• Instructions for the task
Below are some records. Set each one down exactly as it reads.
====== Data records
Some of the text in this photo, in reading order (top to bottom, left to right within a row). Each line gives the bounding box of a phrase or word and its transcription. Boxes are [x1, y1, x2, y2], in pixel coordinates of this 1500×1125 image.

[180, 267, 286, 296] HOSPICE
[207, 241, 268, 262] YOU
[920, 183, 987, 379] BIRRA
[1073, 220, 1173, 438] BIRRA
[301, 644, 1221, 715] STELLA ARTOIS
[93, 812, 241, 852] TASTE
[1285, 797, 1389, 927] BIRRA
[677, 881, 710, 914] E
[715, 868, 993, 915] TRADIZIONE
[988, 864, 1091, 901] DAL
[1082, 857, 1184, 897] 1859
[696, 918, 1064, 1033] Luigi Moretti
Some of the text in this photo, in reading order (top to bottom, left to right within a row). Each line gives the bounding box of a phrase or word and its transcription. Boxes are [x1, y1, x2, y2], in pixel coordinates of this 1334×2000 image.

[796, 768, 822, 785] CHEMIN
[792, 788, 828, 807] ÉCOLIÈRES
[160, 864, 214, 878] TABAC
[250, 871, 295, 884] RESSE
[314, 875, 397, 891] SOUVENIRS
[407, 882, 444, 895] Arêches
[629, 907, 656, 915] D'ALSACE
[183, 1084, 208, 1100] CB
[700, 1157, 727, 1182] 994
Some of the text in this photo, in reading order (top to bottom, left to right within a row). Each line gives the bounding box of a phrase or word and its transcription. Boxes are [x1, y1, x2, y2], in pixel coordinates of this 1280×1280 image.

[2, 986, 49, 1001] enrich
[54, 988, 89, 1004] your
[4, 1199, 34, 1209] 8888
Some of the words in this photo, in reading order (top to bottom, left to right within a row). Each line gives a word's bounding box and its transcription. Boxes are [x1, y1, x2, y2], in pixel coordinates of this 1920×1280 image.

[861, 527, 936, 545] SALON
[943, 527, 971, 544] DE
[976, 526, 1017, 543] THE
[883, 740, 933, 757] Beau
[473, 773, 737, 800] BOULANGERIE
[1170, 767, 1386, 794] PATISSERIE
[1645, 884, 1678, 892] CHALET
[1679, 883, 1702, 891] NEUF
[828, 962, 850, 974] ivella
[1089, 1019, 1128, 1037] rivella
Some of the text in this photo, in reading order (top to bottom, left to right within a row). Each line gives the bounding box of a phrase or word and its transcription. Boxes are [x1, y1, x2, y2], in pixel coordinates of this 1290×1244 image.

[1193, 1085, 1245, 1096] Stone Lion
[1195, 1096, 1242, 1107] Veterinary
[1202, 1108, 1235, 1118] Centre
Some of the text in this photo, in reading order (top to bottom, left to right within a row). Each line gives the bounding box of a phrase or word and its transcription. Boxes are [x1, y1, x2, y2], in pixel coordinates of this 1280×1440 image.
============
• Answer to the problem
Some of the text in this photo, in reading order (top to bottom, left to right within a row). Each line gives the bounding box of a phrase or word and its transcription. Boxes are [x1, y1, x2, y2], in pixel coordinates of this 1500×1125 image.

[180, 267, 286, 296] HOSPICE
[207, 241, 268, 262] YOU
[920, 183, 987, 379] BIRRA
[1073, 220, 1173, 438] BIRRA
[301, 644, 1221, 715] STELLA ARTOIS
[93, 812, 241, 852] TASTE
[1285, 797, 1389, 927] BIRRA
[677, 881, 710, 914] E
[715, 868, 993, 915] TRADIZIONE
[988, 864, 1091, 901] DAL
[1082, 857, 1184, 897] 1859
[696, 918, 1064, 1033] Luigi Moretti
Some of the text in this photo, in reading order (top to bottom, left to right within a row). Each line gives the bounding box of a phrase or word and its transcription. Boxes are [x1, y1, x2, y2], in pixel coordinates of this 1334×2000 image.

[796, 768, 822, 785] CHEMIN
[792, 788, 828, 807] ÉCOLIÈRES
[160, 864, 214, 878] TABAC
[250, 871, 295, 884] RESSE
[314, 875, 397, 891] SOUVENIRS
[407, 882, 444, 895] Arêches
[629, 907, 656, 915] D'ALSACE
[183, 1084, 208, 1100] CB
[700, 1157, 727, 1182] 994
Some of the text in this photo, in reading order (top to bottom, left to right within a row). Each line gives the bounding box of a phrase or word and its transcription. Boxes are [x1, y1, x2, y2], in pixel coordinates of this 1280×1280 image.

[2, 986, 49, 1001] enrich
[54, 988, 89, 1004] your
[4, 1199, 34, 1209] 8888
Some of the words in this photo, in reading order (top to bottom, left to right within a row). Each line gives a word's bounding box and its transcription. Boxes are [x1, y1, x2, y2], in pixel coordinates of this 1920×1280 image.

[861, 527, 936, 545] SALON
[943, 527, 971, 544] DE
[976, 526, 1017, 543] THE
[883, 740, 933, 757] Beau
[473, 773, 737, 800] BOULANGERIE
[1170, 767, 1386, 794] PATISSERIE
[1645, 884, 1678, 892] CHALET
[1679, 883, 1702, 891] NEUF
[828, 962, 850, 974] ivella
[1089, 1019, 1128, 1037] rivella
Some of the text in this photo, in reading order (top to bottom, left to right within a row). Each line gives the bounding box of a phrase or word and its transcription. Boxes are [x1, y1, x2, y2], in pixel coordinates of this 1290×1244 image.

[1193, 1085, 1245, 1096] Stone Lion
[1195, 1096, 1242, 1107] Veterinary
[1202, 1108, 1235, 1118] Centre
Some of the text in this photo, in reading order (top to bottom, left to right within a row). Each line gives the bounding box of a phrase or word and its transcription. Boxes are [x1, y1, x2, y2], in pixel coordinates of this 1280×1440 image.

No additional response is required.